Por Milton Ferretti Jung
Em 1947, eu estava internado no Colégio São Tiago, na então pequena cidade de Farroupilha, no Rio Grande do Sul. Muitos educandários ofereciam internatos para filhos com mau comportamento, guris de cidades interioranas nas quais não existiam escolas do nível exigido por seus pais e também porque a prática era moda na época.
Confesso lisamente – sei que meus netos jamais me imitarão – que o motivo de ter sido afastado da casa paterna durante o ano letivo, inclusive sem licença para visitá-la no relativamente longo feriado de Páscoa, era o pouco empenho nos estudos.
Cheguei ao internato depois das férias de meio de ano. Achei mais interessante trocar o Roque Gonzales, em Porto Alegre, em que as tais férias duravam apenas quinze dias, pensando haver feito um bom negócio, engano do qual iria me arrepender já no momento em que meus pais e eu desembarcamos do trem que nos levara da capital do estado para Farroupilha.
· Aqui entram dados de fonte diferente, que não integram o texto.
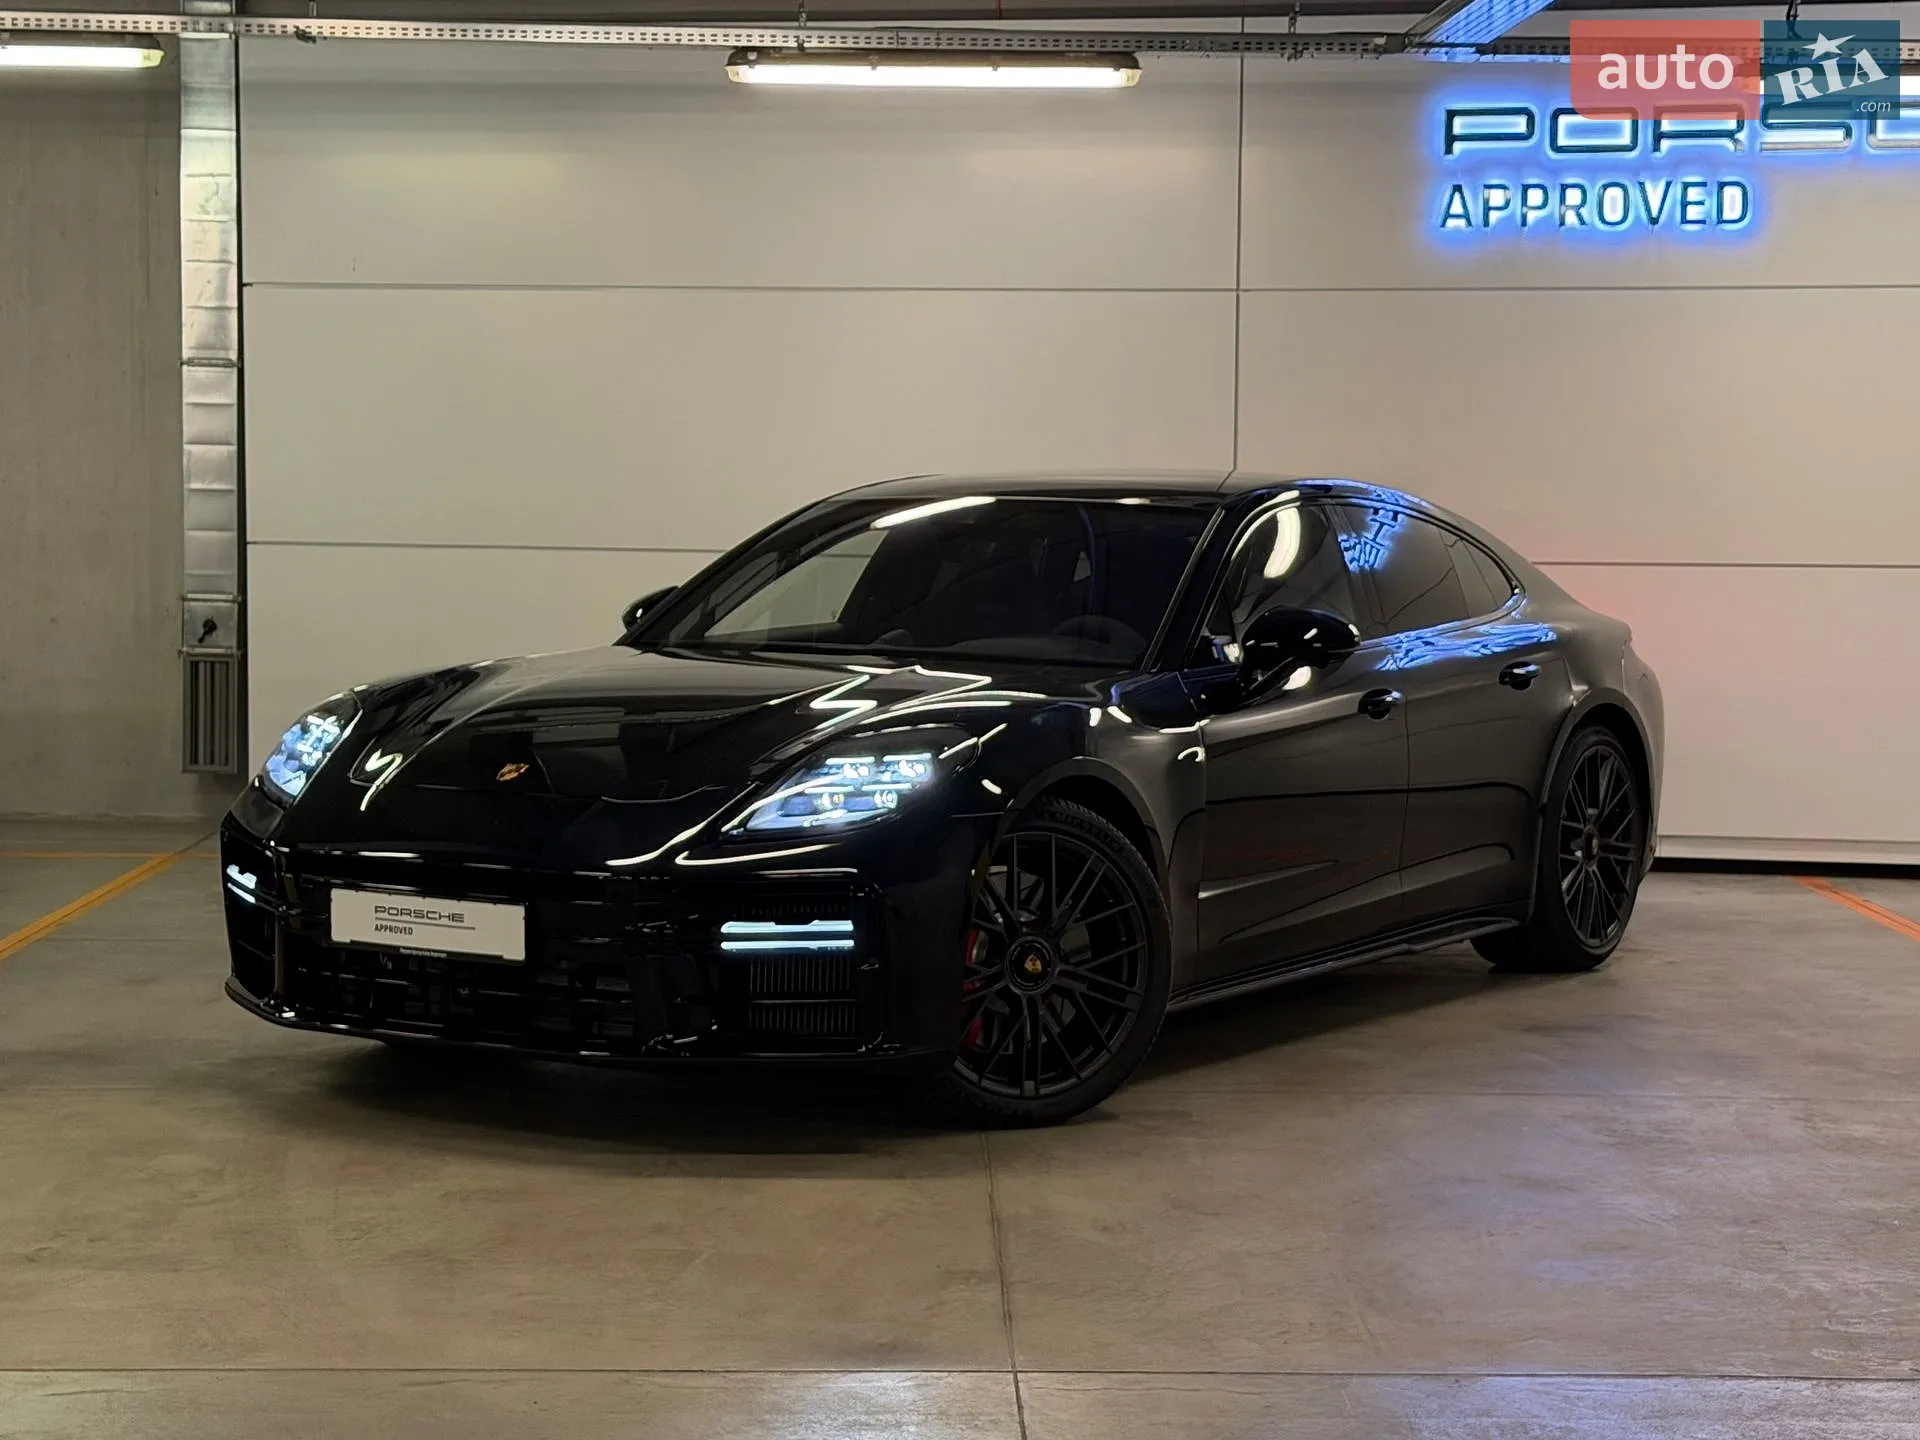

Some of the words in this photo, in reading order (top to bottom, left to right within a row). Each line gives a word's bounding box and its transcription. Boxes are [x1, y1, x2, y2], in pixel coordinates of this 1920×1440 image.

Mal os “velhos” se despediram de mim, deixando-me aos cuidados dos maristas do São Tiago, driblei meus “carcereiros” e fugi, tentando achar a linha férrea, sei lá com que esperança ou pretensão. Os irmãos não tardaram a me encontrar e me levaram de volta.
No primeiro dia de aula do segundo semestre me fingi de doente e fiquei no dormitório. O Irmão Inácio, o mais velho dos maristas do colégio, apareceu com uma garrafa de vinho e um copo. “Bebe – disse – que te fará bem”. Foi a primeira vez que me receitaram o “néctar dos deuses”.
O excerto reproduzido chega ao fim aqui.